A joint production of the IUP departments of Theater and Dance and Music, “The Threepenny Opera” was performed Feb. 21–23 and Feb. 27 through March 1.
The classic musical, with music by Kurt Weill and a text by Bertolt Brecht, weaves the stories of murderous con artists, aggressive beggars, and ladies of the evening with a musical score that boasts the classic, “Mack the Knife.”
A milestone of Twentieth Century musical theater, “The Threepenny Opera” profoundly broke from the standard opera and operetta forms of its time, combining a barbed, political perspective with the sound of 1920s Berlin.
Macheath, a notorious bandit and womanizer, runs afoul of Jonathan Peachum when he marries Peachum’s daughter, Polly, in a ceremony of doubtful legality.

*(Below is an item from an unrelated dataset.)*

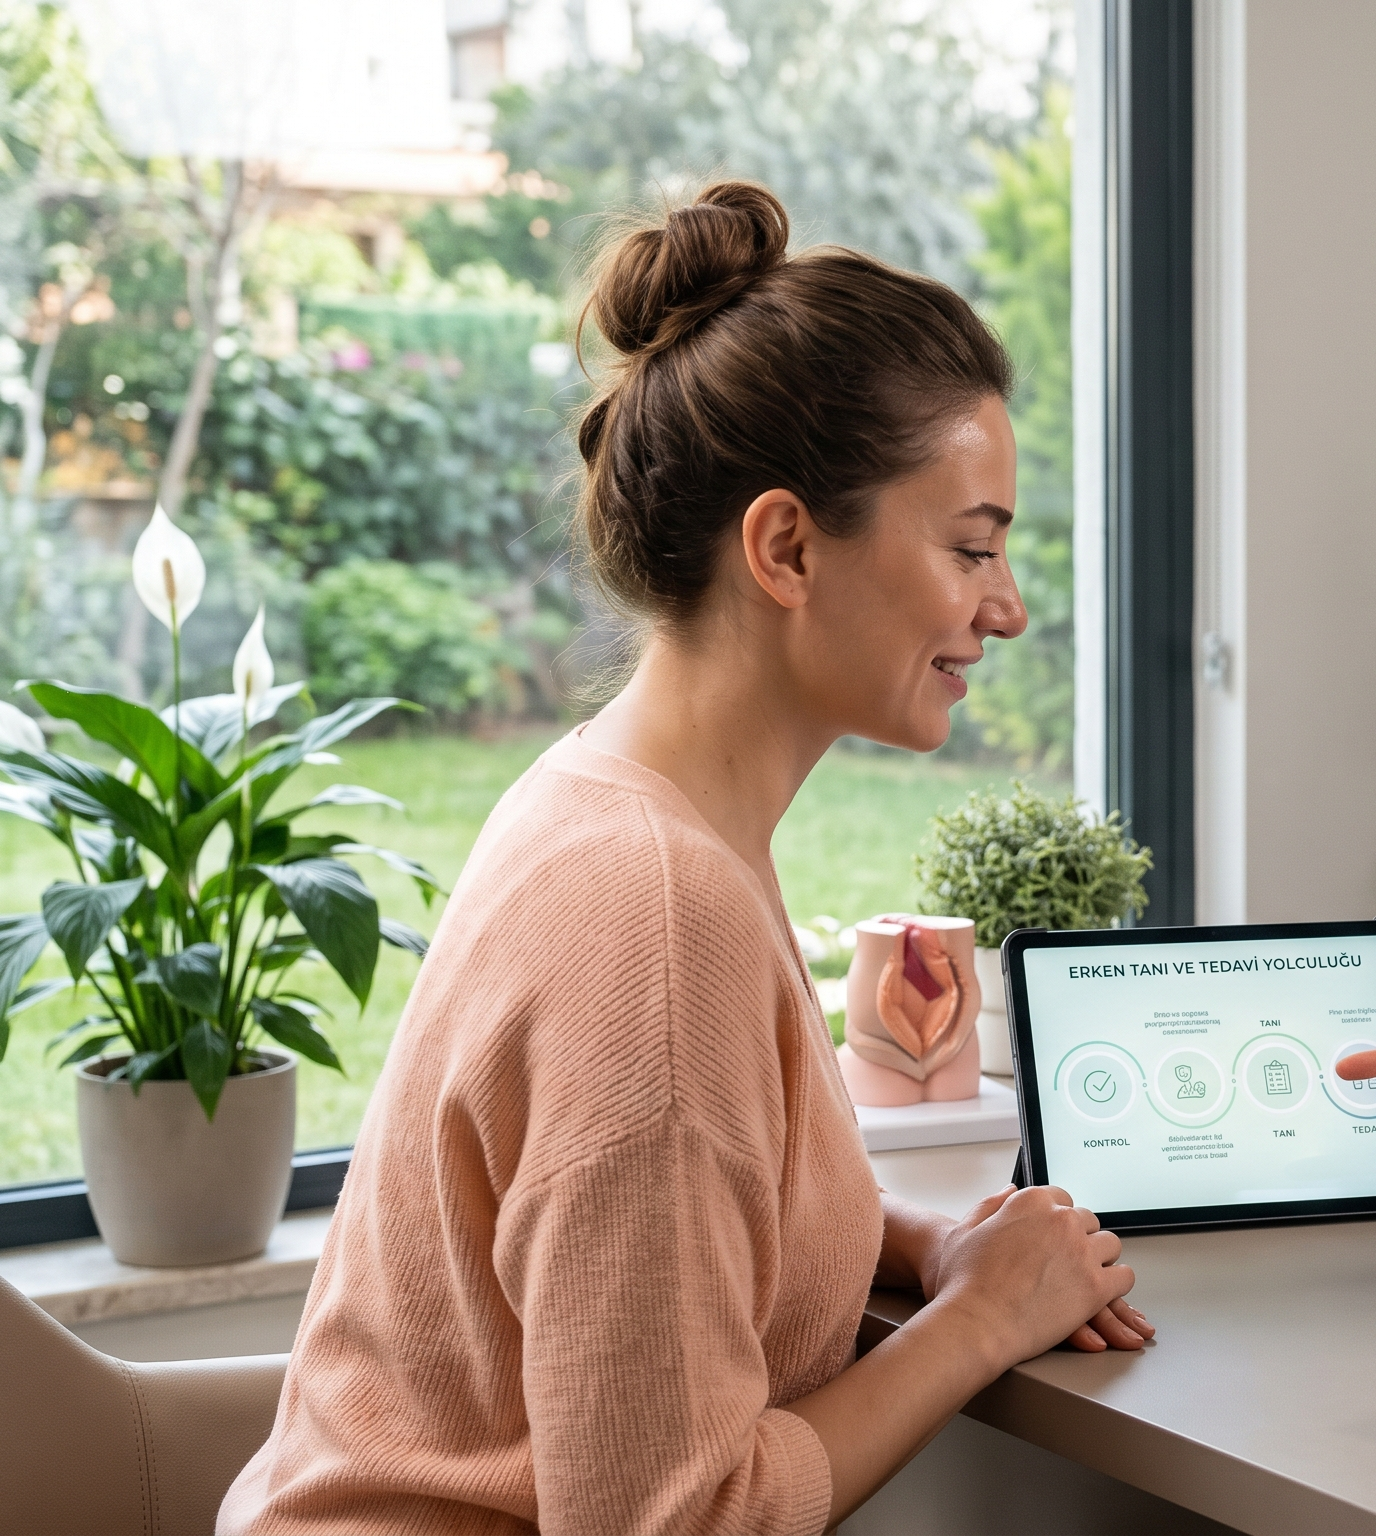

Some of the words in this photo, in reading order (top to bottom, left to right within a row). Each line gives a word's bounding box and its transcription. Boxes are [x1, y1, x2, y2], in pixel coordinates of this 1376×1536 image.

Described by American composer Virgil Thompson as “one of this century’s most powerful creations,” “The Threepenny Opera” premiered in 1928. Through the 1930s, the musical production was banned throughout Germany by the Nazi government, which stopped performing the music publicly because it was being enjoyed by too many people.
An English production premiered a new translation off-Broadway in 1954 with a now recognizable cast including Lotte Lenya, Bea Arthur, Charlotte Rae and John Astin. Since that time, “The Threepenny Opera” has been performed all over the world, including five major Broadway revivals, the latest performed in 2006 in the legendary Studio 54.
“The Threepenny Opera” is a joint production by the departments of Theater and Dance and Music and is funded, in part, by the Student Cooperative Association.